A Palestinian family is a large community of extended family members with a lineage that can be traced to ancestors who resided in Palestine.

Families
There are numerous prominent Palestinian families who have contributed to the society, politics and economy of historical Palestine. Usage of the term Palestinian tribe is relatively uncommon and has differed depending on context. One refers to ancient tribes typically described in scriptures and Abrahamic religious texts, such as the Hivites. However, the historicity of such communities is often questioned due to their claimed descent from Noah who is described by some academic references and tertiary sources as being a fictional figure.
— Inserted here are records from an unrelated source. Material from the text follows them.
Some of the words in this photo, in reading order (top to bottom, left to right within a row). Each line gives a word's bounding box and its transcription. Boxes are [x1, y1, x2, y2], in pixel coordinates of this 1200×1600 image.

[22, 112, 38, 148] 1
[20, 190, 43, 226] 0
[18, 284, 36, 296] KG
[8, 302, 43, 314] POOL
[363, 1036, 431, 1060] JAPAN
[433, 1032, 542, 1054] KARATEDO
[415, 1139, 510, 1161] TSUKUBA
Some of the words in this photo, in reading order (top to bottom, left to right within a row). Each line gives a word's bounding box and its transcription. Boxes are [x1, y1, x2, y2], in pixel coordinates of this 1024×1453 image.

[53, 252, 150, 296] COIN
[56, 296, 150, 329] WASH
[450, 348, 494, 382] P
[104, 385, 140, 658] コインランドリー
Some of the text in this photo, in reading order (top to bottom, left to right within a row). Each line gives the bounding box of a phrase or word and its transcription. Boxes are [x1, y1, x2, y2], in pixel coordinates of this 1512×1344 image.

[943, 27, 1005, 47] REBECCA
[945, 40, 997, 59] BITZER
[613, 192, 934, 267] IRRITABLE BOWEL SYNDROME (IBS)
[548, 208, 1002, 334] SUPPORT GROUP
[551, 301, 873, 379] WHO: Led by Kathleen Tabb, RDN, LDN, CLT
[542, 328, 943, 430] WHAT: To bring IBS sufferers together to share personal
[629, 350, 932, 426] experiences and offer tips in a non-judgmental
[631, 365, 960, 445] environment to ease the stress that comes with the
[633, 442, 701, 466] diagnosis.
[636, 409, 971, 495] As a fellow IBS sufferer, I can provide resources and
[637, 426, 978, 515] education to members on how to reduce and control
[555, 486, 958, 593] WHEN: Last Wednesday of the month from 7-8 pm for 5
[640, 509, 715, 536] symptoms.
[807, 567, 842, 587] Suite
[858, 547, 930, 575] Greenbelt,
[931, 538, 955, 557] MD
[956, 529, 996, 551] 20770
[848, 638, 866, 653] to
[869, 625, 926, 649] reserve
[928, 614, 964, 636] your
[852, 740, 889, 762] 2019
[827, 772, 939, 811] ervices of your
More modern groups however are verifiable and include the Khalidi family, the El-Issa family, the al-Husayni family, the Abu-Ezam family, the Nashashibi family, the Tuqan family, the Nusaybah family, Shawish clan, The Barakat family, Shaath family, Shurrab family, Al-Khalil family, Ridwan dynasty, Al-Zeitawi family, Abu Ghosh clan, Doghmush clan, Douaihy family, Hilles clan, Jarrar family, Negev Bedouins, the Jayyusi family, and the Al-Risheq family. Prominent Palestinian families sometimes assigned specific roles to members of their community. For example, Khalidi and Alami clan members held senior administrative positions in society. One of the oldest and biggest families in Palestine is the Barghouti family who trace their ancestors back over 1000 years with over 2.65 million family members with the majority spread over seven countries. Genetical tests have proved that the family is closely related to the prophet Mohammad’s friend Omar Bin Al-khattab which has given them a big role in the politics of Islam. The Barghouti family claims to have ancestral roots in Spain though this has not been independently confirmed.

Significant Christians
Although Palestinian Christians represent a relatively small minority, many of the most socioeconomically influential families in Palestine have been Christian. The El-Issa family, from Jaffa, are one of the most well known families due to their numerous contributions to Palestinian journalism dating from the late 1800s to the middle of the 20th century. Their first newspaper Al-Asma'i' dates back as early as 1887. Another prominent well-to-do Greek Orthodox family, the Abu-Ezam family, were of the wealthiest business families in Ramla. The Abu-Ezam family owned and operated multiple businesses that ranged from the manufacturing of halva, a sweet confection popular in the Levant, to construction materials.